A la une, Biographie, Santé

Pr Mamadou Koumaré : Ce pharmacien qui murmure à l’oreille des plantes

Le virus de la phytothérapie (médecine fondée sur les extraits de plantes et les principes actifs naturels), le jeune Mamadou Koumaré l’a contracté auprès du patriarche de la famille à Baguinéda, où il est né en 1936.

Légèrement recourbé, sans doute, sous le poids des années, à 81 ans, le Pr Mamadou Koumaré est le doyen des pharmaciens du Mali. Malgré son âge, le « retraité actif » a de l’énergie à revendre. Ses journées, y compris les jours fériés, il les consacre, entièrement, à la recherche au siège de la Société Malienne de Phytothérapie (SMP) dont il est le président depuis 1998. Parallèlement à cette fonction, Pr Koumaré est aussi le président en exercice de la commission santé et actions sociales de l’Association malienne des anciens fonctionnaires internationaux des Nations Unies.

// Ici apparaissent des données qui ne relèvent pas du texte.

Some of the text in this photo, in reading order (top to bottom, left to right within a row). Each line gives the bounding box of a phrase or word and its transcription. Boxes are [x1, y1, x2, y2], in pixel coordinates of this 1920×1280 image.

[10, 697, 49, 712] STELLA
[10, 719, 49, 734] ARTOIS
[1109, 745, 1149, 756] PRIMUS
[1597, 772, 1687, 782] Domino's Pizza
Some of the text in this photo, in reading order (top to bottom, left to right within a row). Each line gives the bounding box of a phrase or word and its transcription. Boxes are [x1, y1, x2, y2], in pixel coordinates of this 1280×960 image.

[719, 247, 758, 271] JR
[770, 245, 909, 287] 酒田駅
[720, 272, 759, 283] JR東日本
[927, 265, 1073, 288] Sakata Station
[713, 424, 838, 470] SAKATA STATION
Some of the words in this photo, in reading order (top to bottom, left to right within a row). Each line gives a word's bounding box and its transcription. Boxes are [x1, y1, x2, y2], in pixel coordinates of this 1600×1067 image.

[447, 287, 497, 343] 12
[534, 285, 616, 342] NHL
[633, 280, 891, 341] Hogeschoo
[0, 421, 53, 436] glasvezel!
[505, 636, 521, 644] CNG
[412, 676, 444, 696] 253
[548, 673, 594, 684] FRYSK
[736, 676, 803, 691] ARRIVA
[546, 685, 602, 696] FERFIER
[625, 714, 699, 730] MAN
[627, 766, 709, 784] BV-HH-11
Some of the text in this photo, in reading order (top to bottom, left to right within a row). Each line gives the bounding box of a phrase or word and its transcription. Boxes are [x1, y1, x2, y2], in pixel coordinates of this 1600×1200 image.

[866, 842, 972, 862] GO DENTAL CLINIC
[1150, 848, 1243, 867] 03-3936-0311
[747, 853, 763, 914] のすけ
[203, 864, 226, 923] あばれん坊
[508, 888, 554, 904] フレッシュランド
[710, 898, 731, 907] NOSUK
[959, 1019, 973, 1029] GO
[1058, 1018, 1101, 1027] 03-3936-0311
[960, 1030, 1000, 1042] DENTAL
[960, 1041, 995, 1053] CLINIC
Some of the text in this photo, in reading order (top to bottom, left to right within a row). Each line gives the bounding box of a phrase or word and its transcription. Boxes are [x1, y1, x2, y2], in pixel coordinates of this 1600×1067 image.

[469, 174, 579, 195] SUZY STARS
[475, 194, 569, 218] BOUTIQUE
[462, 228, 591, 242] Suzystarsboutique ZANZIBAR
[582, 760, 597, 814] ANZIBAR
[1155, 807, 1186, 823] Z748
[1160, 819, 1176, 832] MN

Les plantes….un amour de jeunesse

Maître de conférences agrégé des sciences pharmaceutiques en 1975 à Paris; Professeur de pharmacognosie; Directeur Général de l’Office Malien de Pharmacie ou encore Conseiller Régional au Bureau de l’OMS/Afrique, chargé des technologies sanitaires modernes et traditionnelles. Un poste que le Pr Koumaré quittera en 1996 après  dix ans de service et après avoir élaboré et faire adopter le programme de médecine traditionnelle du Bureau régional pour l’Afrique.

Lire aussi – Mali: 7 médicaments traditionnels améliorés recommandés par le ministère de la Santé

Sans risque de se tromper, on peut affirmer, aujourd’hui, que le Pr Mamadou Koumaré a consacré toute sa vie à la médecine traditionnelle. Bien plus qu’une activité, la guérison par les plantes est pour lui une passion contractée dès le plus jeune âge. «Après mon diplôme en pharmacie, j’ai entamé des recherches sur les plantes médicinales africaines, au centre de recherches sur les toxicités de Toulouse», indique-t-il. « C’était pour moi tout naturel, car dans ma famille le patriarche était un guérisseur. J’avais déjà une certaine connaissance des plantes», se confie-t-il.

Docteur honoris-causa Medecina Alternativa de l’Université du Sri Lanka depuis 1983; Commandeur de l’Ordre National du Mali ; Chevalier de l’Ordre National du Burkina-Faso; Officier de l’Ordre du Mérite du Niger; Chevalier de l’Ordre International des Palmes Académiques du CAMES (OIPA/CAMES);  Prix du Président du Faso pour l’innovation et la recherche sur les plantes médicinales en 2012. La renommée internationale du Pr Koumaré n’est plus à démontrer. Une renommée qui s’est fait parallèlement à celle de son regretté «ami» le Pr Laurent Aké Assi. Sa rencontre avec celui que l’on surnomme « le génie de la brousse », ou encore « le génie de la forêt ivoirienne», a eu lieu, dans les années 80. Depuis, ils ne se sont plus quittés jusqu’à la disparition, en 2014, du Pr Aké Assi.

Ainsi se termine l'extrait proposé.